# WHAT TO WORK ON
Leaving out the images, please reproduce each line below exactly.
=== DATA TO USE ===
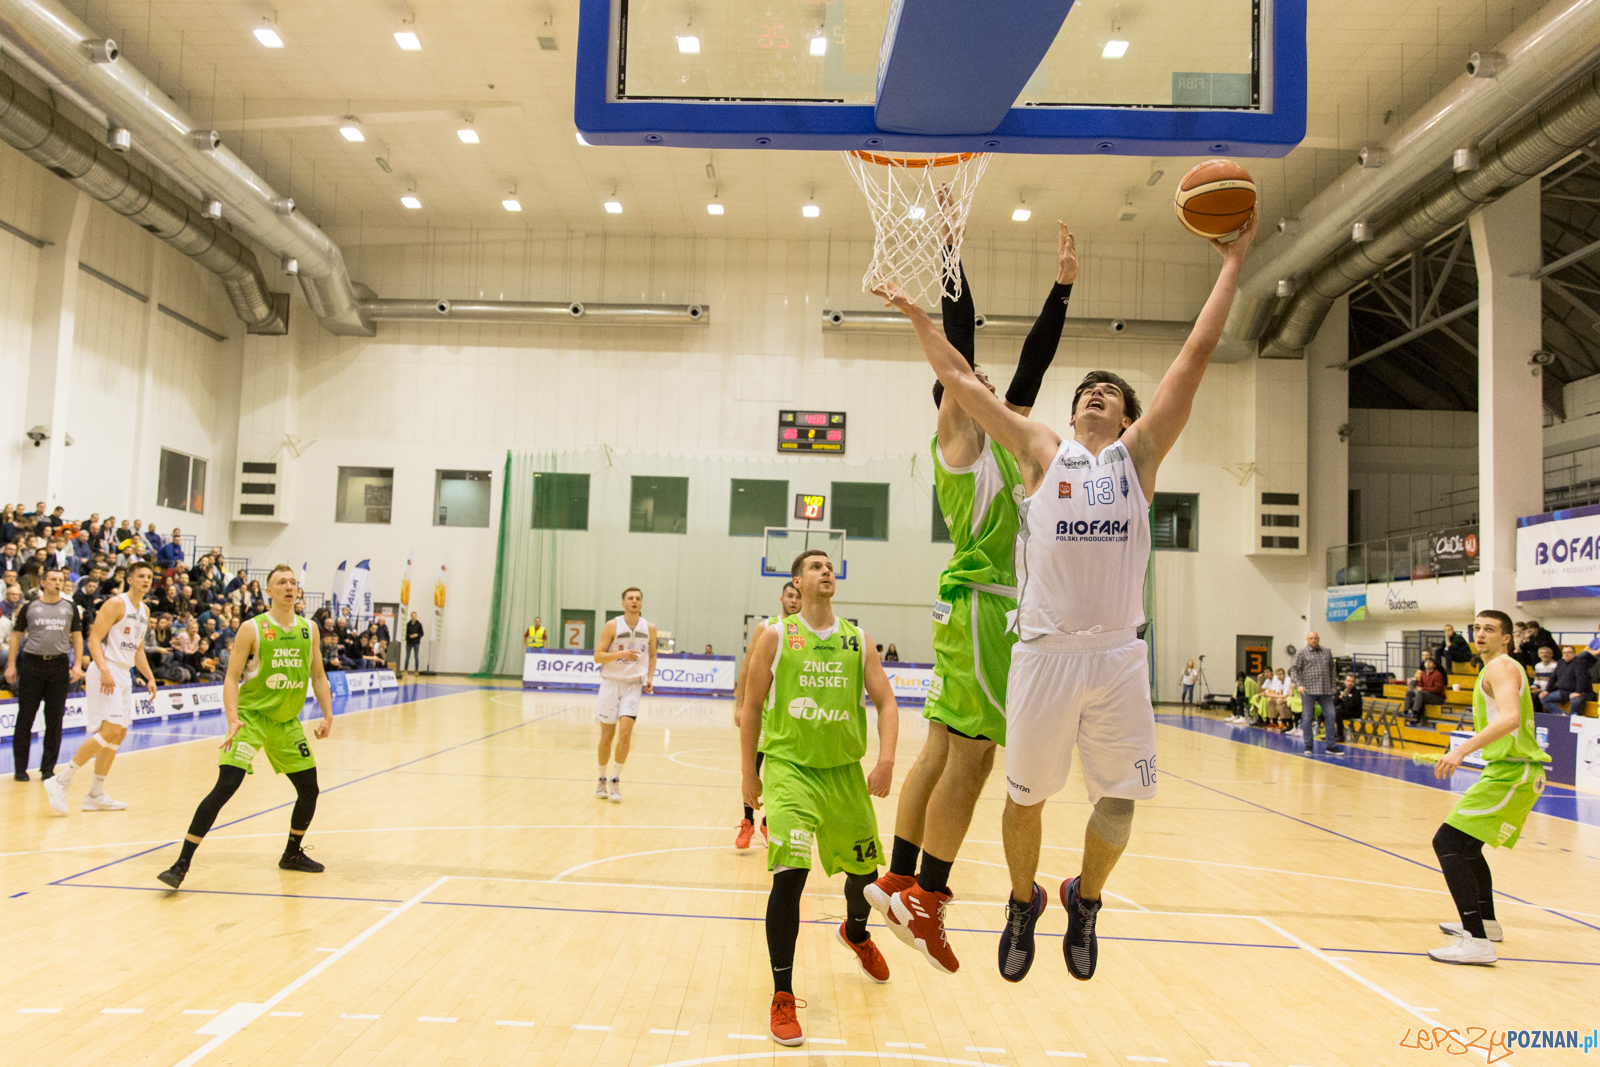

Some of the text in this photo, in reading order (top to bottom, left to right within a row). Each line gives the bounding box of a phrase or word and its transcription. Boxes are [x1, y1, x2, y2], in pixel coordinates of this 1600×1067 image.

[831, 415, 839, 423] 2
[1083, 476, 1115, 506] 13
[805, 505, 819, 518] 10
[1388, 598, 1419, 610] Budchem
[35, 618, 66, 627] VERONI
[301, 628, 309, 639] 6
[569, 628, 580, 645] 2
[841, 635, 859, 652] 14
[273, 648, 300, 657] ZNICZ
[271, 659, 303, 668] BASKET
[803, 661, 843, 673] ZNICZ
[1250, 654, 1262, 673] 3
[799, 675, 848, 688] BASKET
[199, 693, 220, 703] NICKEL
[802, 707, 850, 721] UNIA
[298, 742, 311, 758] 6
[853, 840, 877, 863] 14
===
# OUTPUT
Some of the text in this photo, in reading order (top to bottom, left to right within a row). Each line gives the bounding box of a phrase or word and its transcription. Boxes are [x1, y1, x2, y2], in pixel coordinates of this 1600×1067 image.

[831, 415, 839, 423] 2
[1083, 476, 1115, 506] 13
[805, 505, 819, 518] 10
[1388, 598, 1419, 610] Budchem
[35, 618, 66, 627] VERONI
[301, 628, 309, 639] 6
[569, 628, 580, 645] 2
[841, 635, 859, 652] 14
[273, 648, 300, 657] ZNICZ
[271, 659, 303, 668] BASKET
[803, 661, 843, 673] ZNICZ
[1250, 654, 1262, 673] 3
[799, 675, 848, 688] BASKET
[199, 693, 220, 703] NICKEL
[802, 707, 850, 721] UNIA
[298, 742, 311, 758] 6
[853, 840, 877, 863] 14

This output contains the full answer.